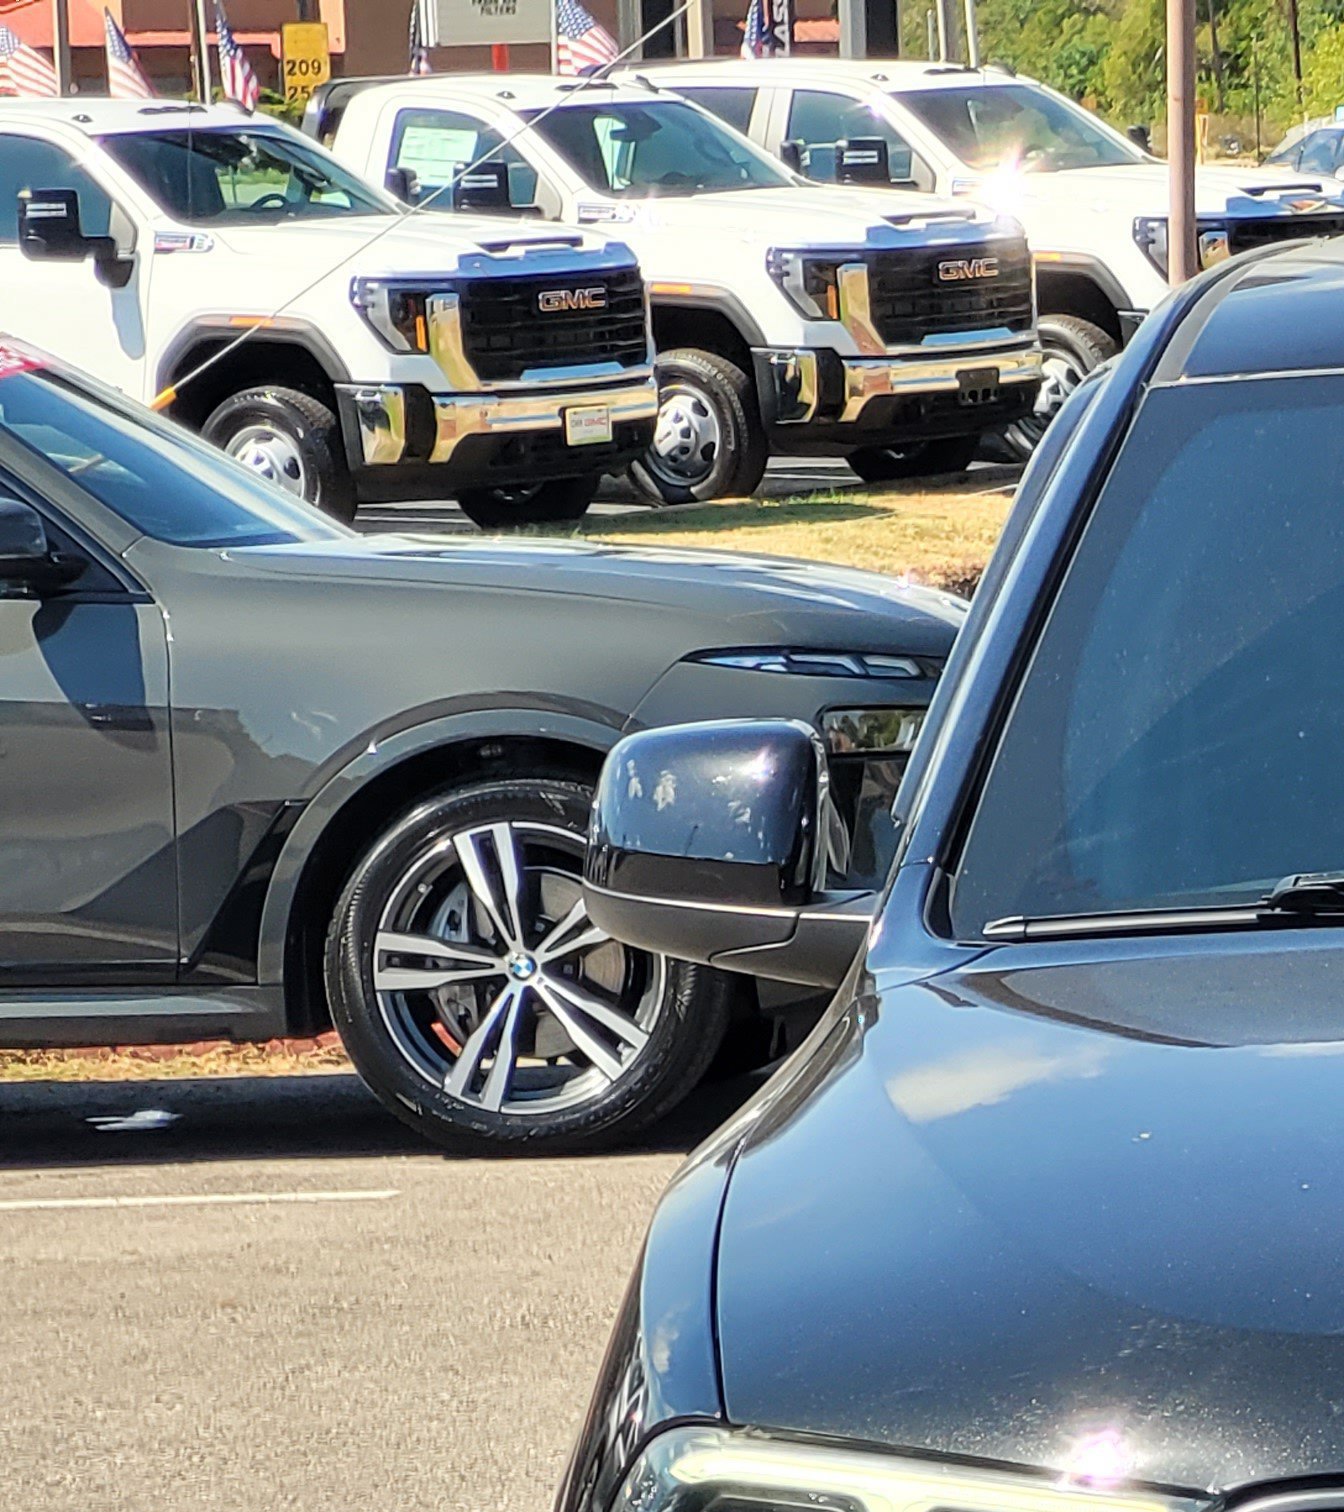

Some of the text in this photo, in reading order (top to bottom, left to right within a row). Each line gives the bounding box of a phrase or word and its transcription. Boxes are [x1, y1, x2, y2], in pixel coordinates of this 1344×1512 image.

[286, 59, 321, 76] 209
[288, 85, 318, 101] 25
[938, 258, 998, 280] GMC
[538, 287, 606, 311] GMC
******
§ **WORK ITEM**: Repeat every entry above precisely, leaving each picture out.

§ **RESULT**:
Some of the text in this photo, in reading order (top to bottom, left to right within a row). Each line gives the bounding box of a phrase or word and its transcription. Boxes are [x1, y1, x2, y2], in pixel coordinates of this 1344×1512 image.

[286, 59, 321, 76] 209
[288, 85, 318, 101] 25
[938, 258, 998, 280] GMC
[538, 287, 606, 311] GMC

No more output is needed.